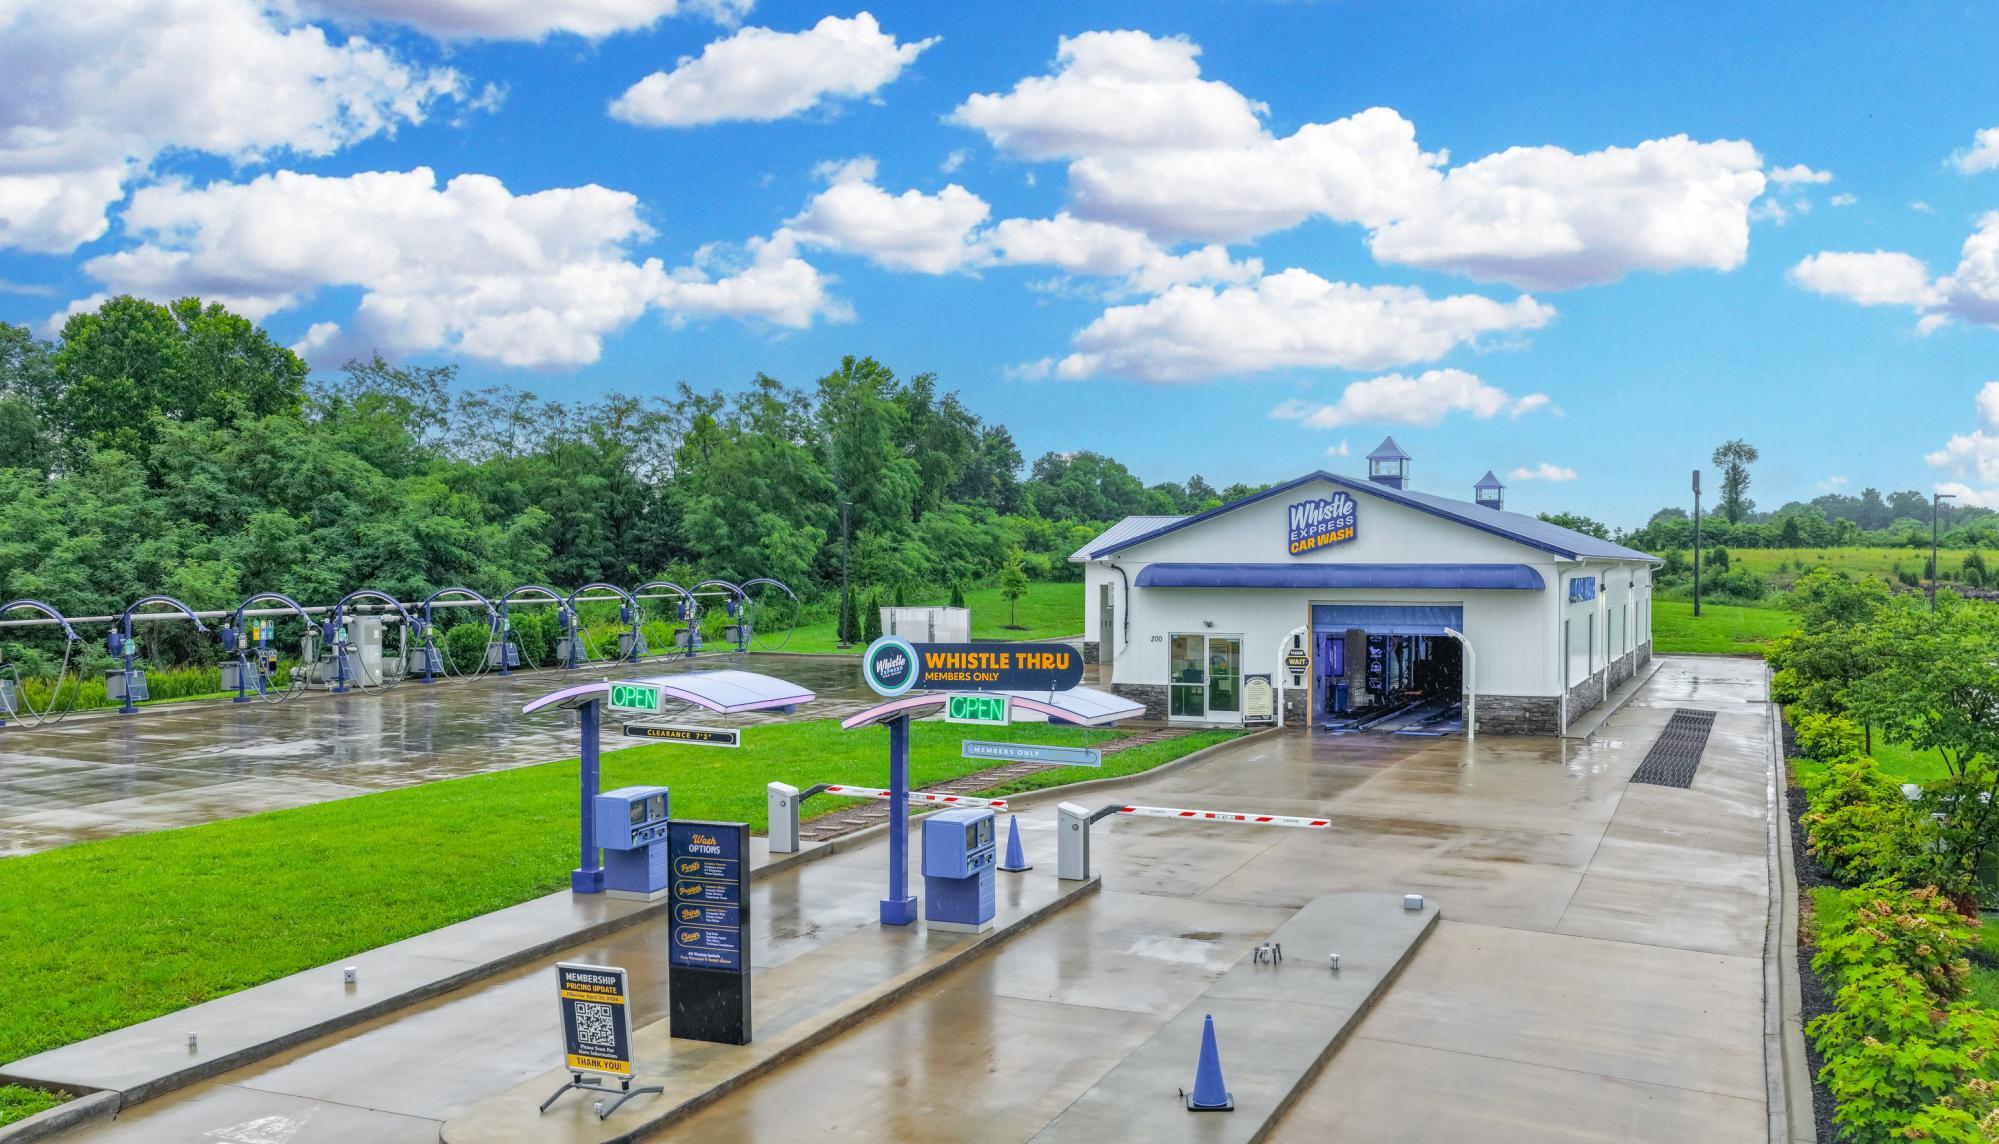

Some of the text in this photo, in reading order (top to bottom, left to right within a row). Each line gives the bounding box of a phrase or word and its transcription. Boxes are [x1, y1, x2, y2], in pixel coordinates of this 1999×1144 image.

[1290, 493, 1354, 531] Whistle
[1291, 515, 1354, 541] EXPRESS
[1290, 526, 1354, 554] CAR WASH
[876, 654, 906, 673] Whistle
[925, 652, 1070, 669] WHISTLE THRU
[925, 671, 1000, 681] MEMBERS ONLY
[613, 686, 656, 709] OPEN
[951, 696, 1003, 721] OPEN
[647, 729, 691, 739] CLEARANCE
[974, 746, 1014, 756] MEMBERS
[692, 834, 718, 845] Wash
[688, 844, 721, 855] OPTIONS
[565, 972, 616, 985] MEMBERSHIP
[566, 982, 618, 995] PRICING UPDATE
[576, 1057, 622, 1071] THANK YOU!

▸ What is expected: All records, pictures excluded: copy them exactly.

▸ Response box:
Some of the text in this photo, in reading order (top to bottom, left to right within a row). Each line gives the bounding box of a phrase or word and its transcription. Boxes are [x1, y1, x2, y2], in pixel coordinates of this 1999×1144 image.

[1290, 493, 1354, 531] Whistle
[1291, 515, 1354, 541] EXPRESS
[1290, 526, 1354, 554] CAR WASH
[876, 654, 906, 673] Whistle
[925, 652, 1070, 669] WHISTLE THRU
[925, 671, 1000, 681] MEMBERS ONLY
[613, 686, 656, 709] OPEN
[951, 696, 1003, 721] OPEN
[647, 729, 691, 739] CLEARANCE
[974, 746, 1014, 756] MEMBERS
[692, 834, 718, 845] Wash
[688, 844, 721, 855] OPTIONS
[565, 972, 616, 985] MEMBERSHIP
[566, 982, 618, 995] PRICING UPDATE
[576, 1057, 622, 1071] THANK YOU!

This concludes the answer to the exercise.